Work to be completed: Repeat, word for word, all the data that follows, and exclude the pictures.

Data section:
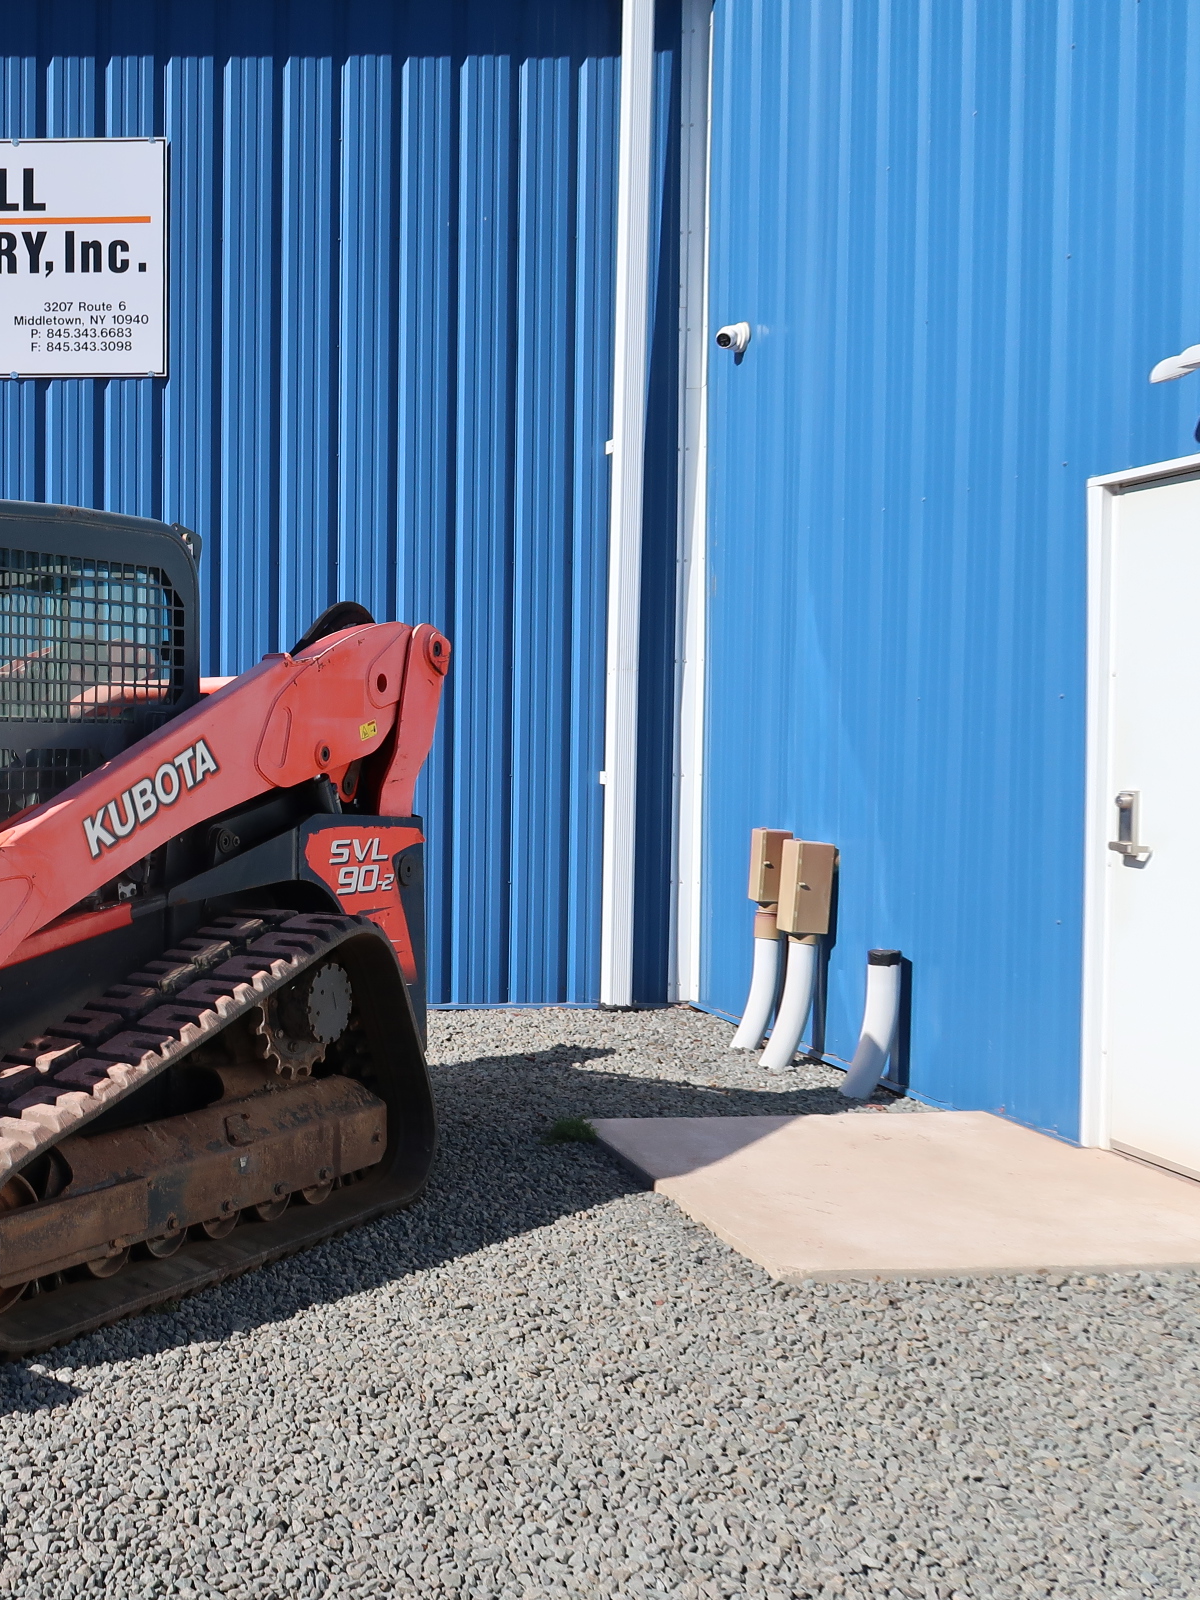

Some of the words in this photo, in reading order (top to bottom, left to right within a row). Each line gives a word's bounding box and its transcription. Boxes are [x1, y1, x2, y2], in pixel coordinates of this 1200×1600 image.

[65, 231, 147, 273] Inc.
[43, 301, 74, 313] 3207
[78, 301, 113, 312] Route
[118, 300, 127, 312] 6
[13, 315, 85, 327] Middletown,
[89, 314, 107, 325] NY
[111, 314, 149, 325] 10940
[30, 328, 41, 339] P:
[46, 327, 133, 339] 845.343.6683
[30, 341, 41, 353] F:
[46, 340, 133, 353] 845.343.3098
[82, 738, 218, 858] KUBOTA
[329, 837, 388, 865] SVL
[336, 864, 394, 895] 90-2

Solution:
Some of the words in this photo, in reading order (top to bottom, left to right within a row). Each line gives a word's bounding box and its transcription. Boxes are [x1, y1, x2, y2], in pixel coordinates of this 1200×1600 image.

[65, 231, 147, 273] Inc.
[43, 301, 74, 313] 3207
[78, 301, 113, 312] Route
[118, 300, 127, 312] 6
[13, 315, 85, 327] Middletown,
[89, 314, 107, 325] NY
[111, 314, 149, 325] 10940
[30, 328, 41, 339] P:
[46, 327, 133, 339] 845.343.6683
[30, 341, 41, 353] F:
[46, 340, 133, 353] 845.343.3098
[82, 738, 218, 858] KUBOTA
[329, 837, 388, 865] SVL
[336, 864, 394, 895] 90-2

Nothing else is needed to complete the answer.